I have the following code from company A:

$A_query = "SELECT employee_name
FROM
UPEMPL";

$A_result = odbc_exec($connect_companyA, $A_query);
$A_rows = odbc_fetch_row($A_result);

I have the following code from company B:

$B_query = "SELECT employee_name
FROM
UPEMPL";

$B_result = odbc_exec($connect_companyB, $B_query);
$B_rows = odbc_fetch_row($B_result);

How can I get the results of both into a single result to work with? Another twist with this is that it could be possible that an employee could be in both companies so I would only want to see that employee one time in the final result.

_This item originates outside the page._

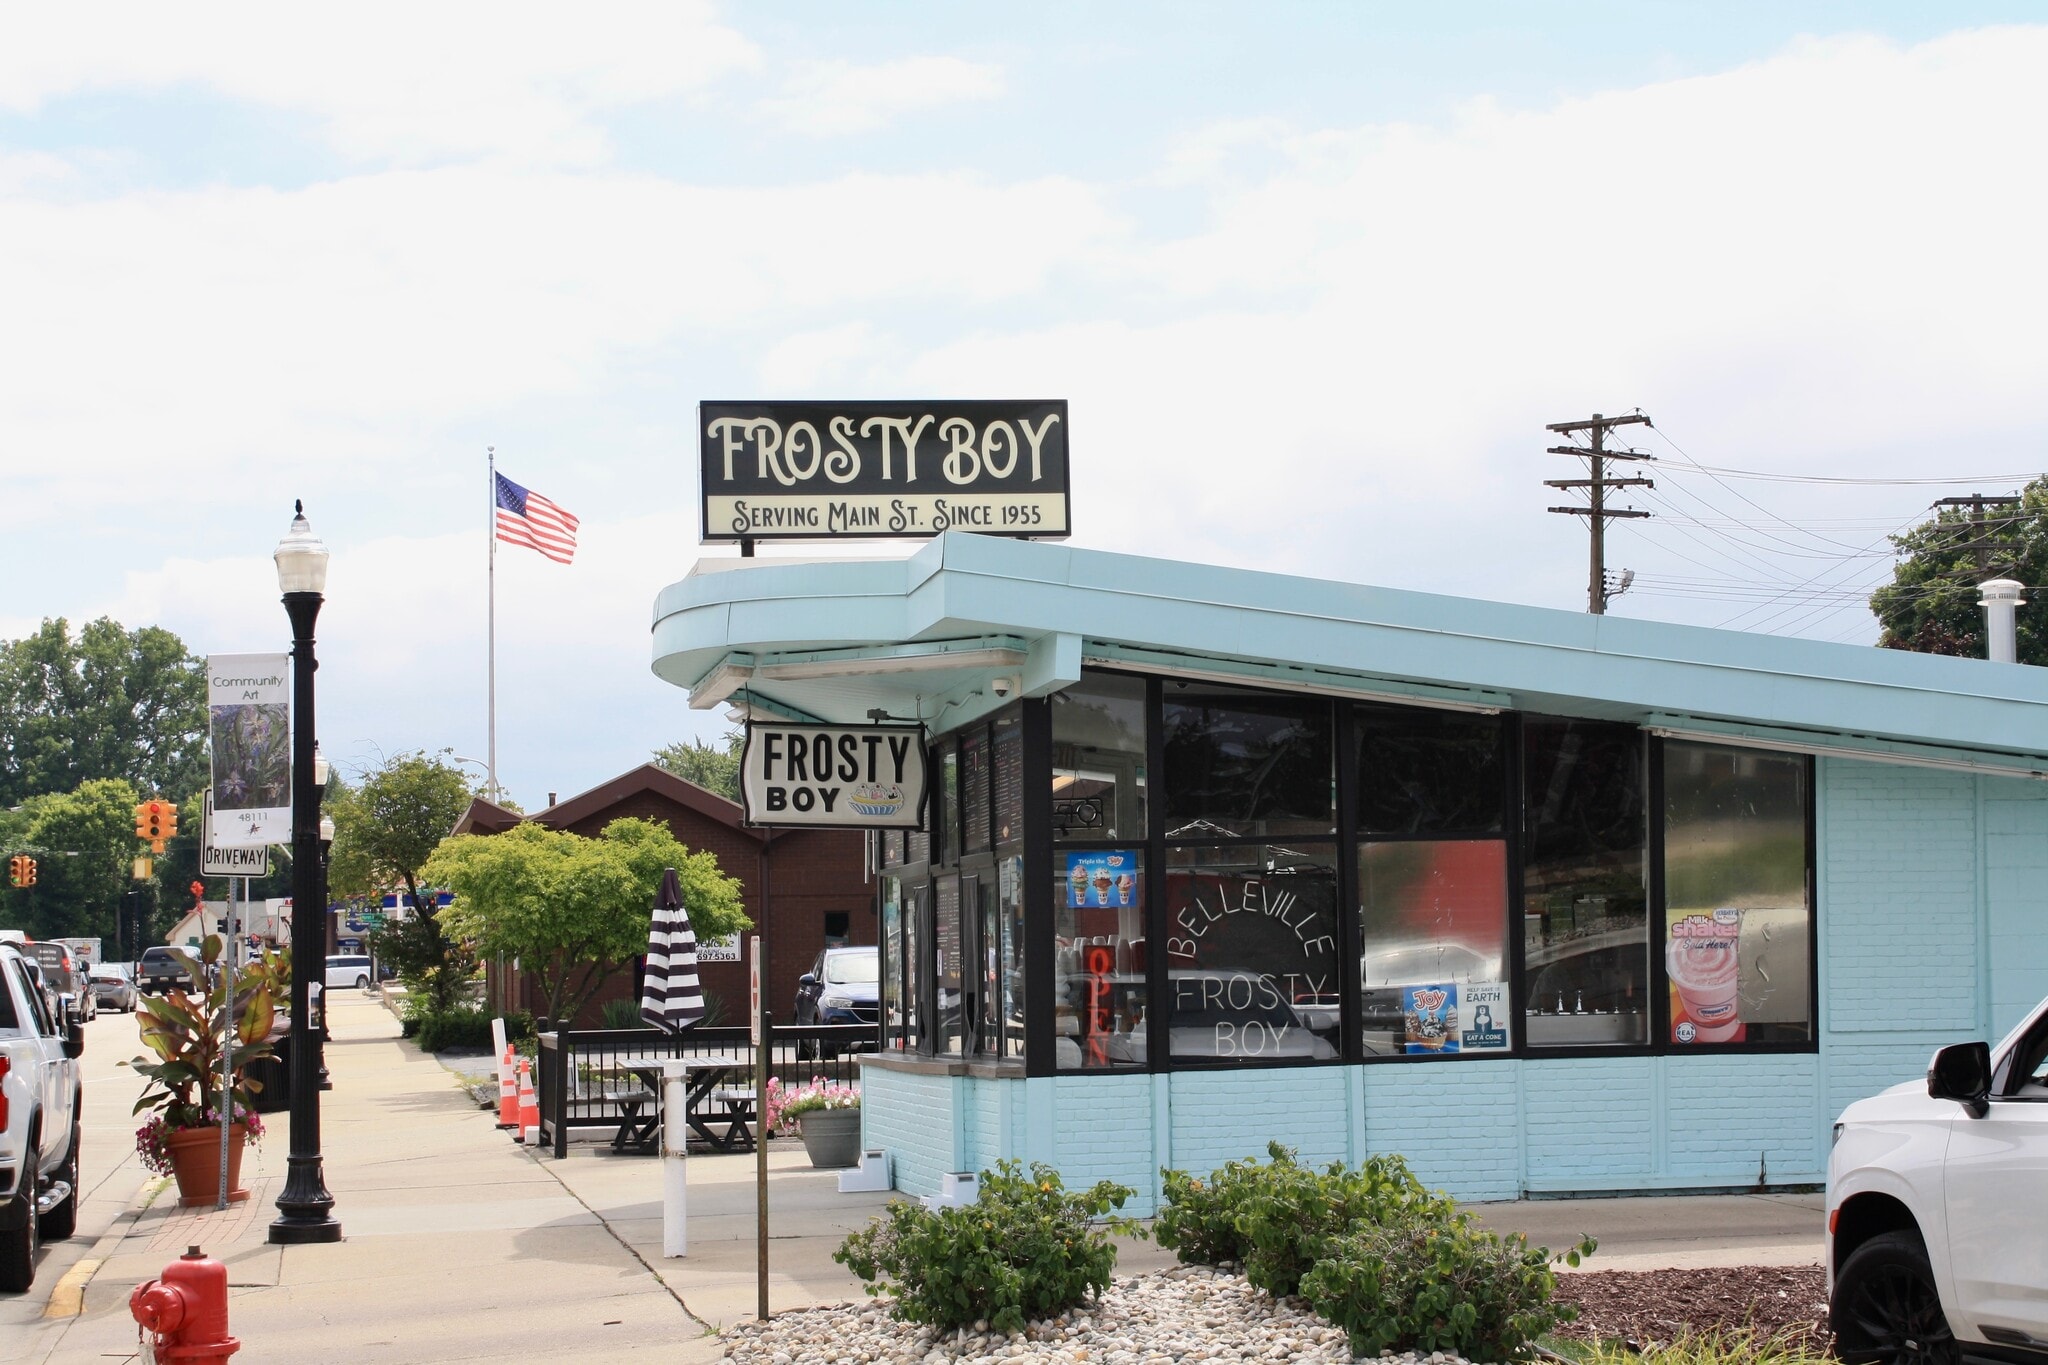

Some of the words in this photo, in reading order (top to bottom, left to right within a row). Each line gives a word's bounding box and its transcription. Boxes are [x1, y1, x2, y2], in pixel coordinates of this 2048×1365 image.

Any suggestions or direction would be great.
 
parse both recordsets into an array.

Code:
$A_query = "SELECT employee_name
    FROM
        UPEMPL";

    $A_result = odbc_exec($connect_companyA, $A_query);
    while ($A_rows = odbc_fetch_row($A_result)){
$employees[] = $A_rows;
}
$B_query = "SELECT employee_name
    FROM
        UPEMPL";

    $B_result = odbc_exec($connect_companyB, $B_query);
while ($B_rows = odbc_fetch_row($B_result)_{
  $employees[] = $B_rows;
}
then dedupe the array on whatever key you want.
 
Does your database system support unions? You might just combine the two queries into one with a union and fetch one set of data.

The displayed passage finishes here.